Kepala Pelaksana BPBD Provinsi Gorontalo, Rusli W. Nusi, melalui Analis Kebencanaan BPBD Provinsi Gorontalo, Moh. Tahir Laendeng, mengatakan kondisi tersebut perlu menjadi perhatian seluruh masyarakat yang beraktivitas di laut maupun di kawasan pesisir.
"Berdasarkan informasi BMKG, angin di wilayah Teluk Tomini Perairan Selatan Gorontalo umumnya bertiup dari arah tenggara dengan kecepatan berkisar 10–20 knots. Kondisi ini berpotensi meningkatkan tinggi gelombang hingga mencapai 1,25–2,5 meter atau masuk kategori sedang," ujar Moh. Tahir Laendeng. Senin (3/8/2026).
Ia menjelaskan, wilayah yang berpotensi terdampak adalah Teluk Tomini Selatan Gorontalo, sehingga nelayan, operator kapal, serta masyarakat yang melakukan aktivitas pelayaran diminta untuk terus memantau perkembangan informasi cuaca sebelum berangkat melaut.
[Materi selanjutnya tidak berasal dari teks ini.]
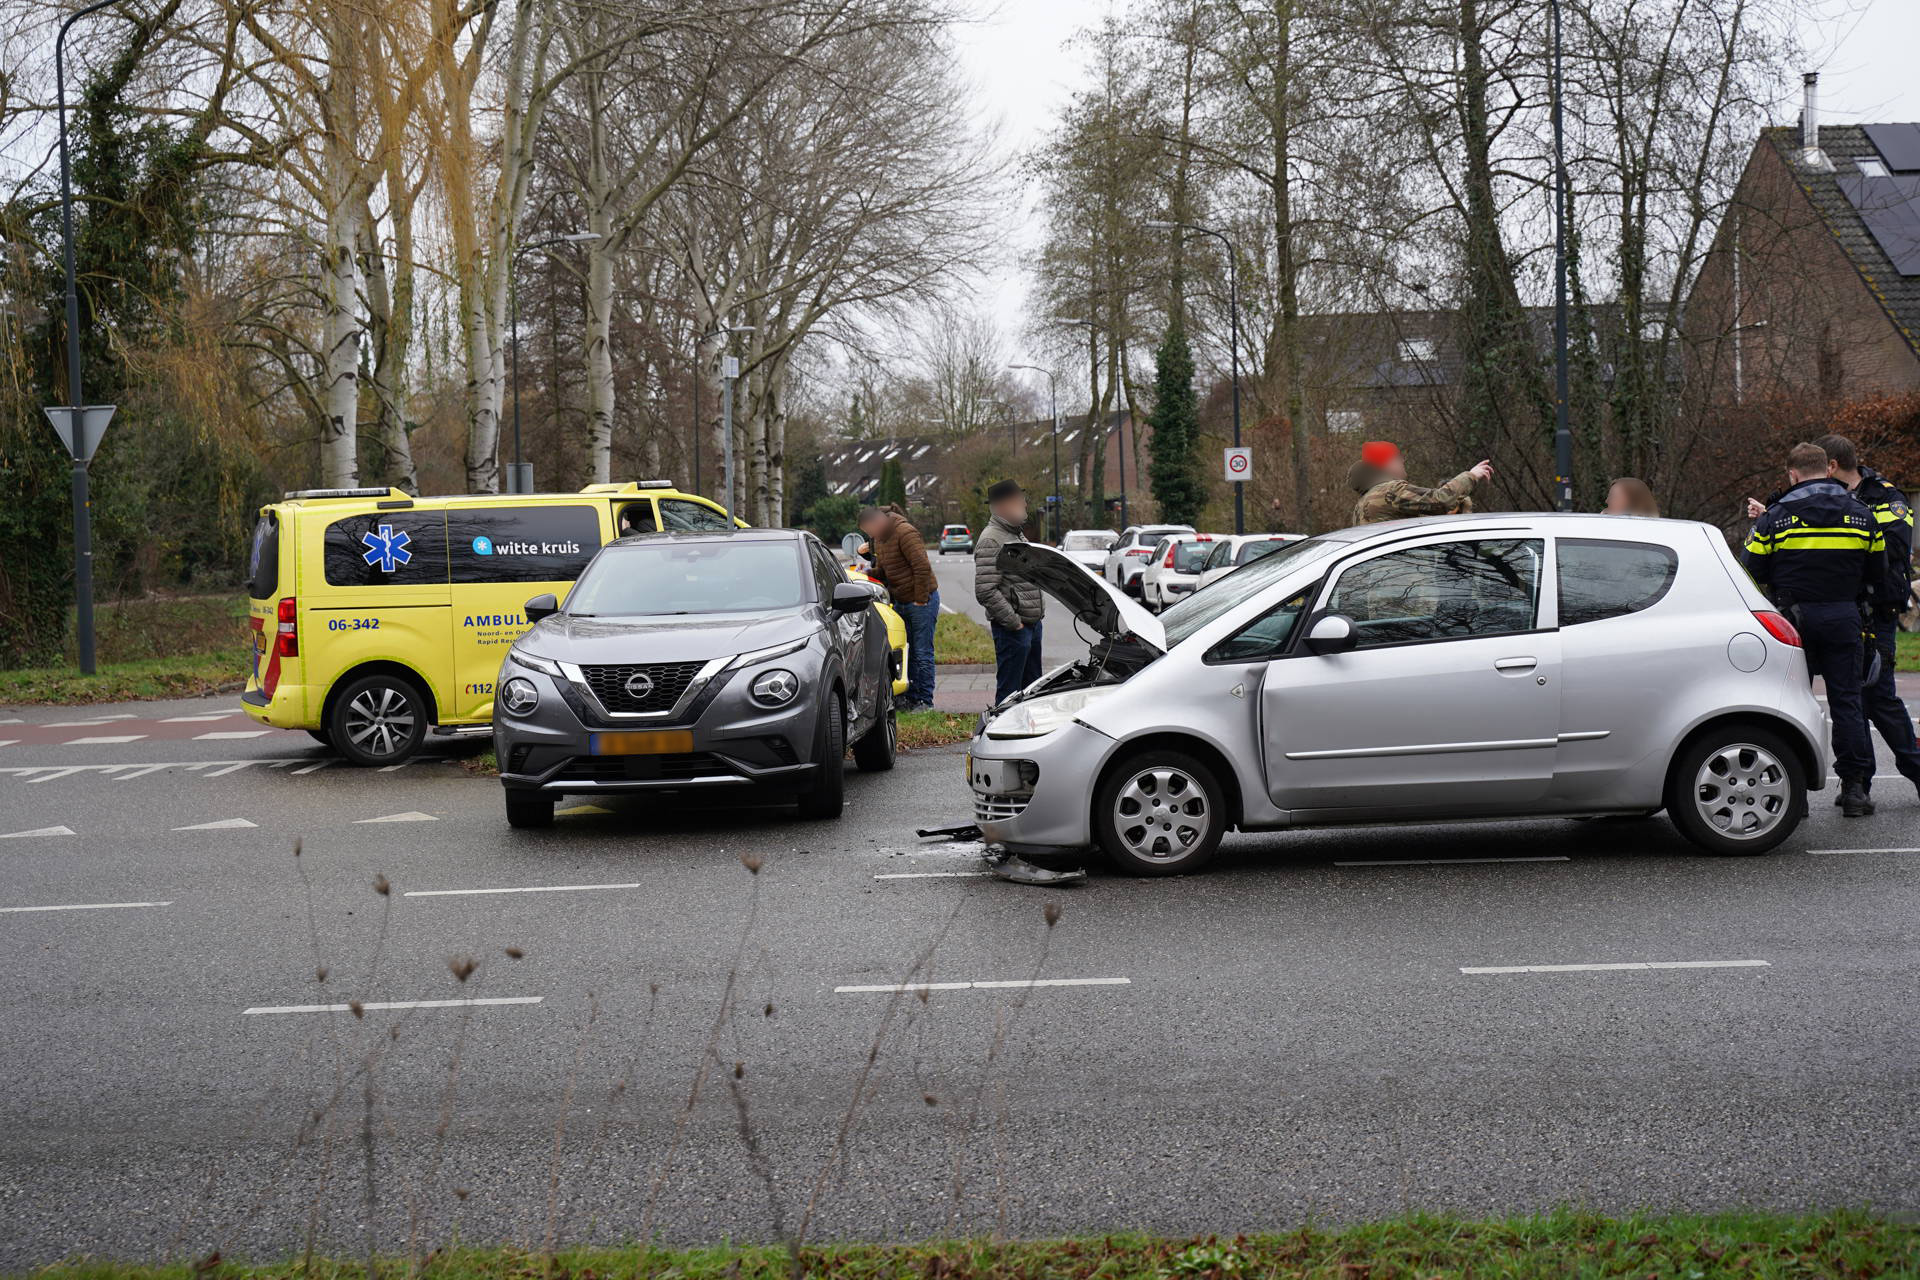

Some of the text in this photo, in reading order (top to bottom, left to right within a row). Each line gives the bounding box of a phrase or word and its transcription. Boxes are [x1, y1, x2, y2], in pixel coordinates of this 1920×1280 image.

BPBD Provinsi Gorontalo juga mengimbau masyarakat pesisir agar tidak mengabaikan peringatan dini yang telah disampaikan BMKG. Apabila kondisi cuaca memburuk, masyarakat diminta menunda aktivitas di laut demi keselamatan.
"Keselamatan harus menjadi prioritas utama. Kami mengimbau nelayan dan seluruh pengguna transportasi laut untuk selalu memperhatikan informasi cuaca terbaru, menggunakan perlengkapan keselamatan, serta tidak memaksakan berlayar apabila kondisi gelombang dinilai membahayakan," tambahnya.
BPBD Provinsi Gorontalo terus berkoordinasi dengan BMKG Gorontalo dan instansi terkait untuk memantau perkembangan kondisi cuaca serta memastikan informasi peringatan dini dapat diterima masyarakat secara cepat dan tepat.
Masyarakat juga diharapkan tetap tenang namun waspada serta mengikuti arahan dari pemerintah daerah dan pihak berwenang apabila terjadi perubahan kondisi cuaca yang berpotensi menimbulkan risiko bencana hidrometeorologi di wilayah pesisir Gorontalo.